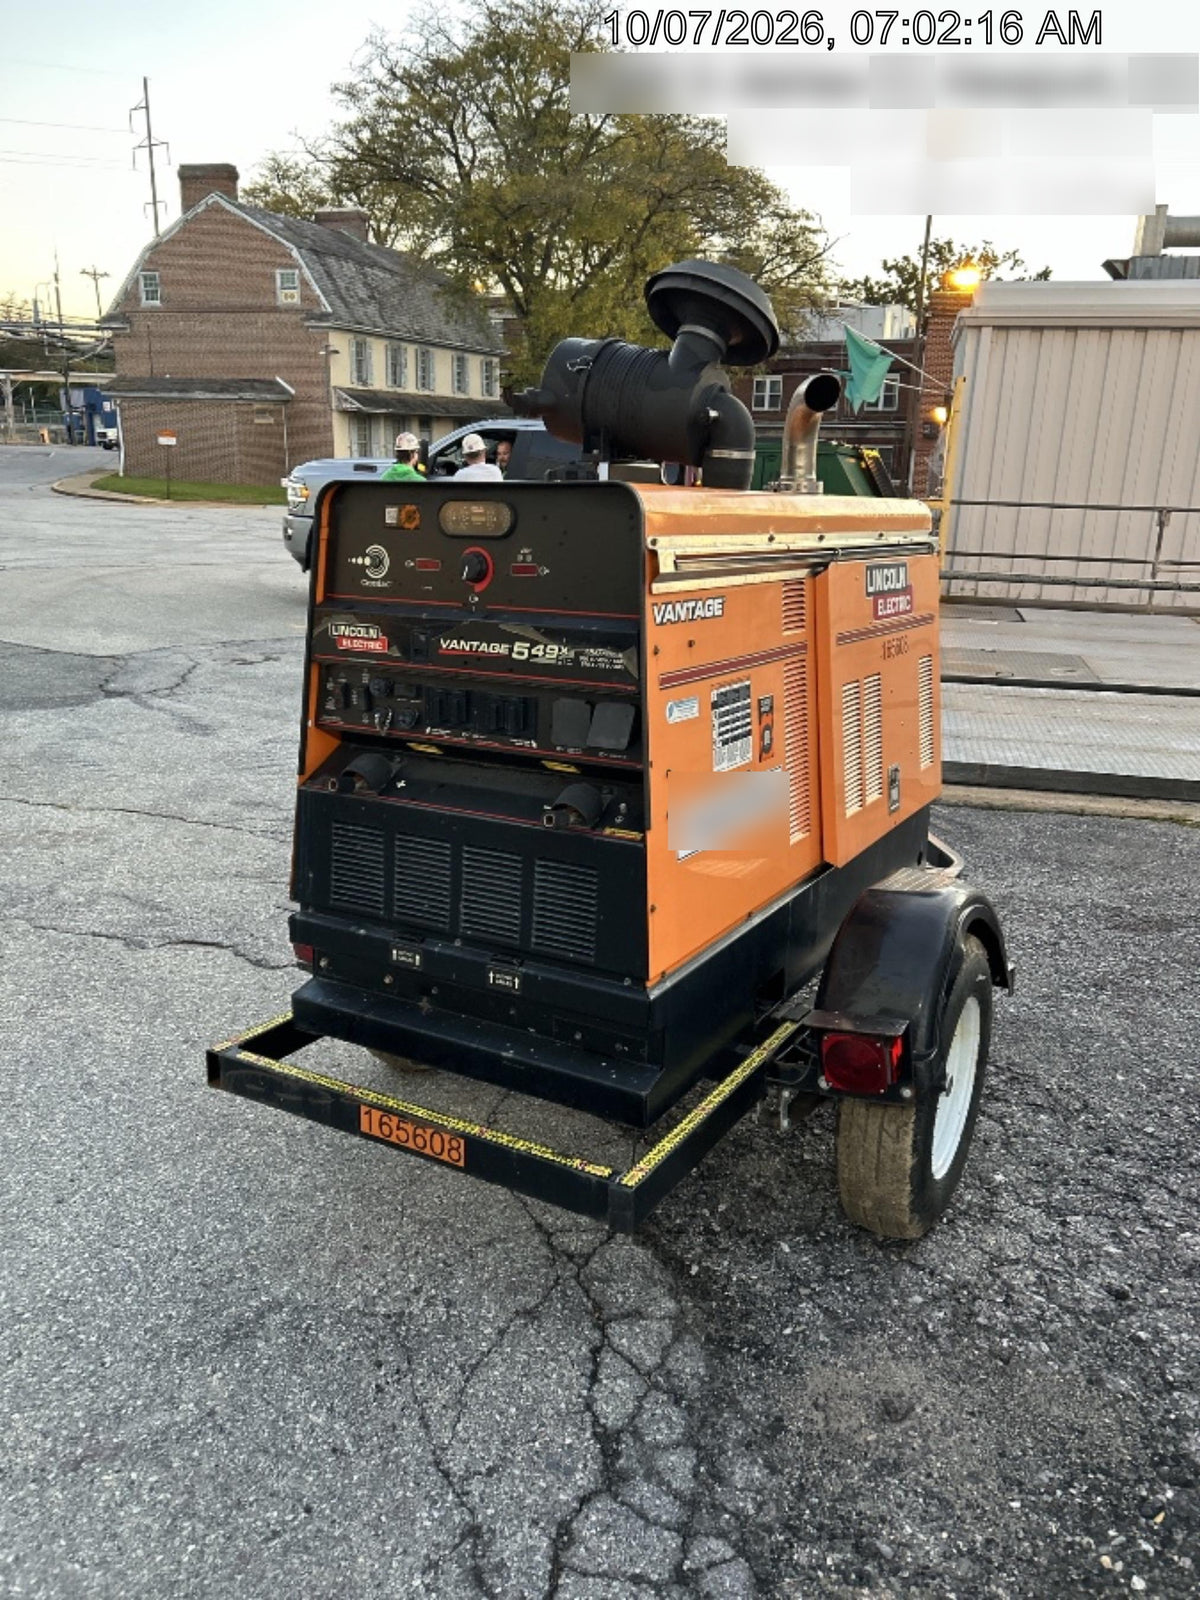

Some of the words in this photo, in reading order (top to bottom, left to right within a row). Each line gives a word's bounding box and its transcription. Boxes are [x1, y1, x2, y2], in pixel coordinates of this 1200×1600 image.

[866, 566, 906, 594] LINCOLN
[652, 597, 724, 625] VANTAGE
[877, 595, 911, 616] ELECTRIC
[331, 624, 379, 639] LINCOLN
[341, 637, 383, 650] ELECTRIC
[439, 637, 510, 655] VANTAGE
[363, 1108, 462, 1164] 165608

==========

TASK BRIEF
The response should restate the material above word for word and contain no pictures.

SOLUTION TO THIS PROBLEM
Some of the words in this photo, in reading order (top to bottom, left to right within a row). Each line gives a word's bounding box and its transcription. Boxes are [x1, y1, x2, y2], in pixel coordinates of this 1200×1600 image.

[866, 566, 906, 594] LINCOLN
[652, 597, 724, 625] VANTAGE
[877, 595, 911, 616] ELECTRIC
[331, 624, 379, 639] LINCOLN
[341, 637, 383, 650] ELECTRIC
[439, 637, 510, 655] VANTAGE
[363, 1108, 462, 1164] 165608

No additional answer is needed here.